Honor Roll

Ramon Irizarry, Jr.

More than 1000 law enforcement officers joined hundreds of other mourners Jan. 21 in tribute to slain Oakland police officer Ramon Irizarry, “a superb undercover officer and an excellent investigator.”

Neighbors of Allen Temple Baptist Church in East Oakland peered from porches and windows as an army of uniformed men and women from police, sheriff and fire departments throughout the state lined the streets leading to the church and filed in for the services.

In a poignant eulogy, Oakland police Lieutenant Mike Wilson noted that the birthday of Dr. Martin Luther King Jr. was observed during the time that the 25-year-old officer was hospitalized in a coma.

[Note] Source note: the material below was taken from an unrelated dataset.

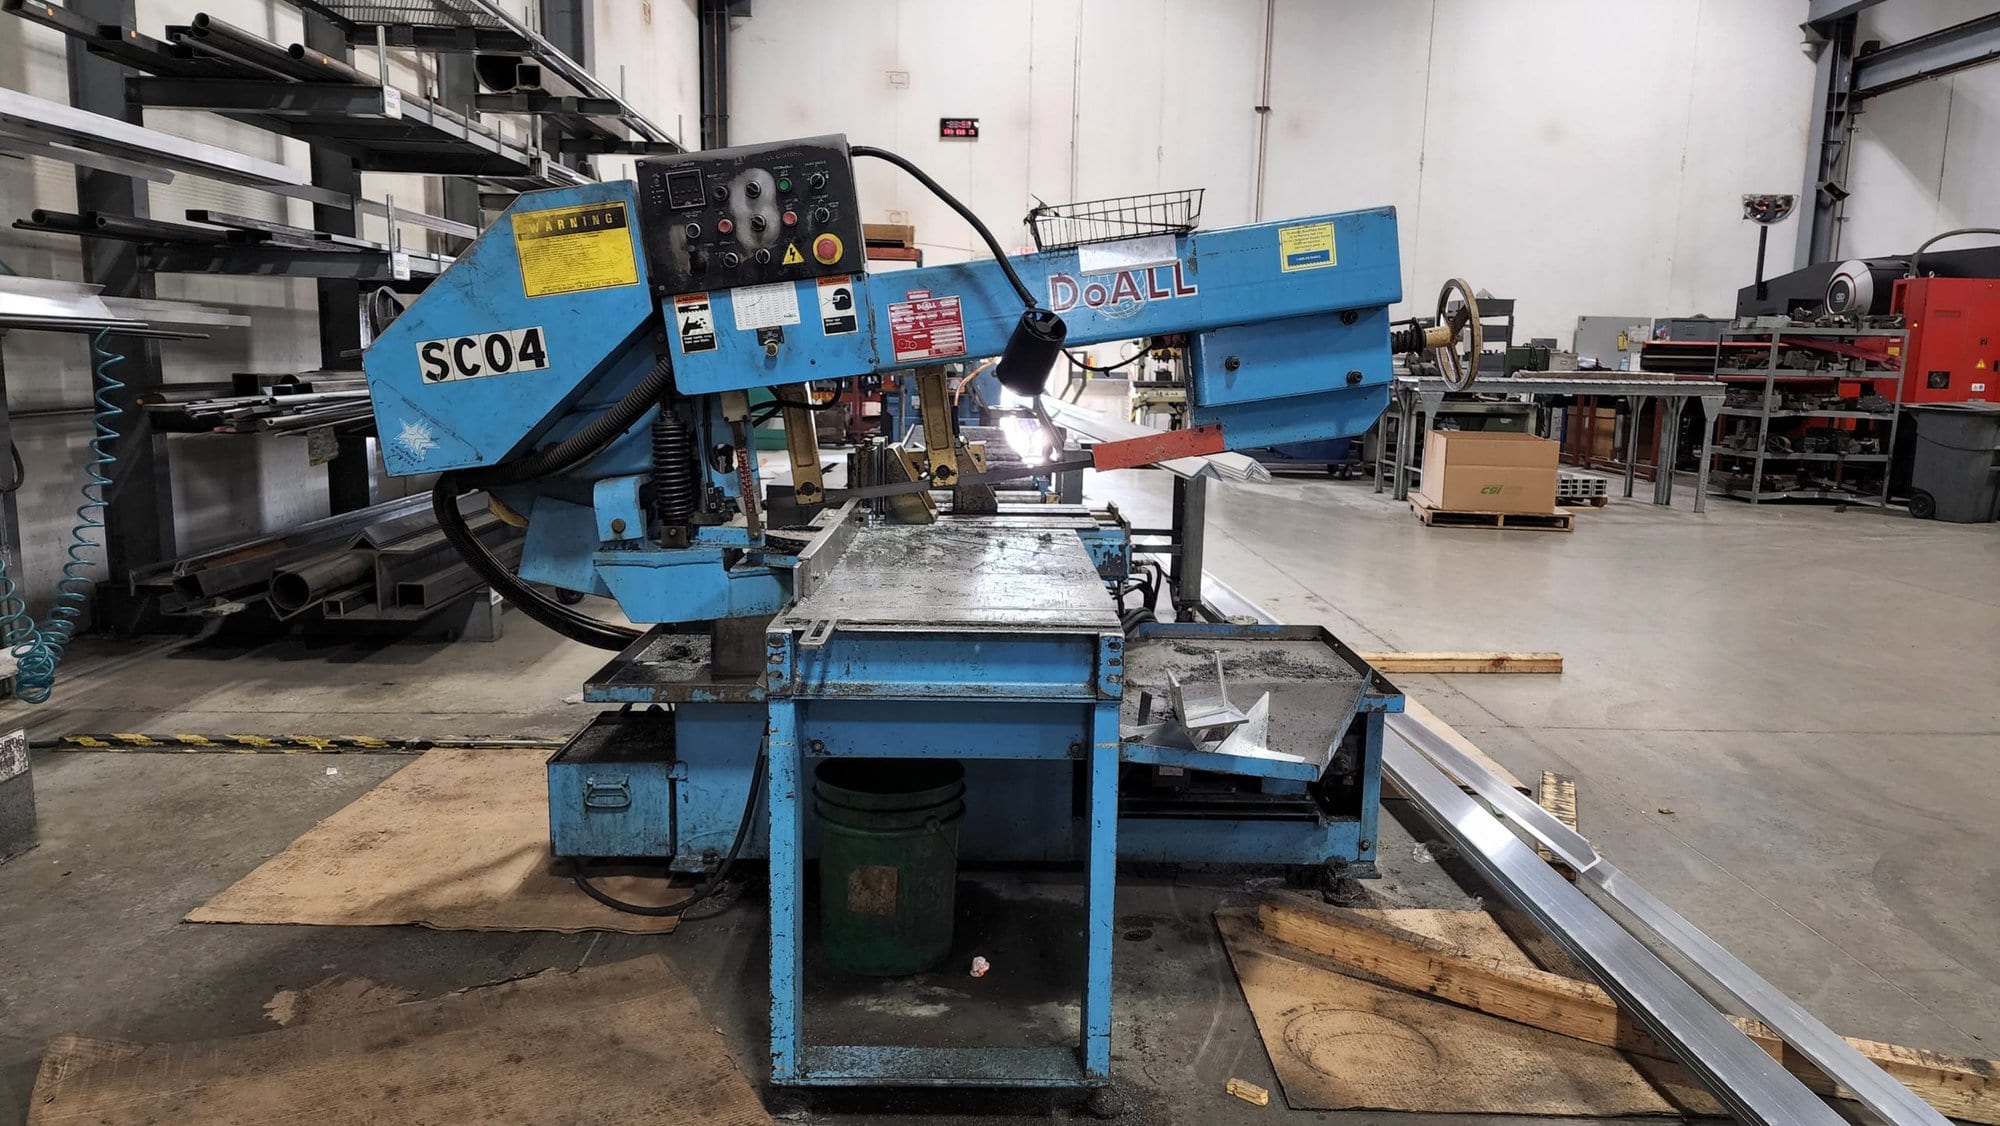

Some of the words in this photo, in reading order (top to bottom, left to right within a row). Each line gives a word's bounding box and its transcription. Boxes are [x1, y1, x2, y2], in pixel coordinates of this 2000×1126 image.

Wilson suggested that just as King died for a dream that was never realized in his lifetime, “Ramon too had a dream that motivated him.” That dream, Wilson said, “Was to improve society and to make a direct contribution . . . to fighting crime.

“Ramon laid down his life for the community he loved,” Wilson said. “Don’t ever think that his death was in vain.”

Dr. J. Alfred Smith, pastor of Allen Temple, urged the mourners to offer the police “our support, our love and our smiles,” and to encourage inner-city youth to avoid criminal activity, which led to the young officer’s death.

Irizarry, who lived in Pittsburg, was survived by his wife, Breanda; a 2-year-old son, Michael Ramon; his parents, Ramon and Jenetha Irizarry of New York City, and a sister and two brothers, also living in New York.

His body was flown to New York for burial.

Irizarry was shot in the head at close range on Jan. 11 as he and several other officers served a search warrant on the occupants of a house in West Oakland suspected of being the center of drug trafficking and fencing of stolen goods.

Doctors said Irizarry had been clinically dead – kept alive on life support machines – since the shooting. His attending physicians concluded that he had no chance for recovery.

While the funeral was in progress, the man suspected of killing Irizarry, Bobbie Joe Buckley, 41, appeared in Oakland-Piedmont Municipal Court to be arraigned on a charge of murder with special circumstances.

Buckley was wounded in the face when three officers fired at him as he fled from the shooting scene.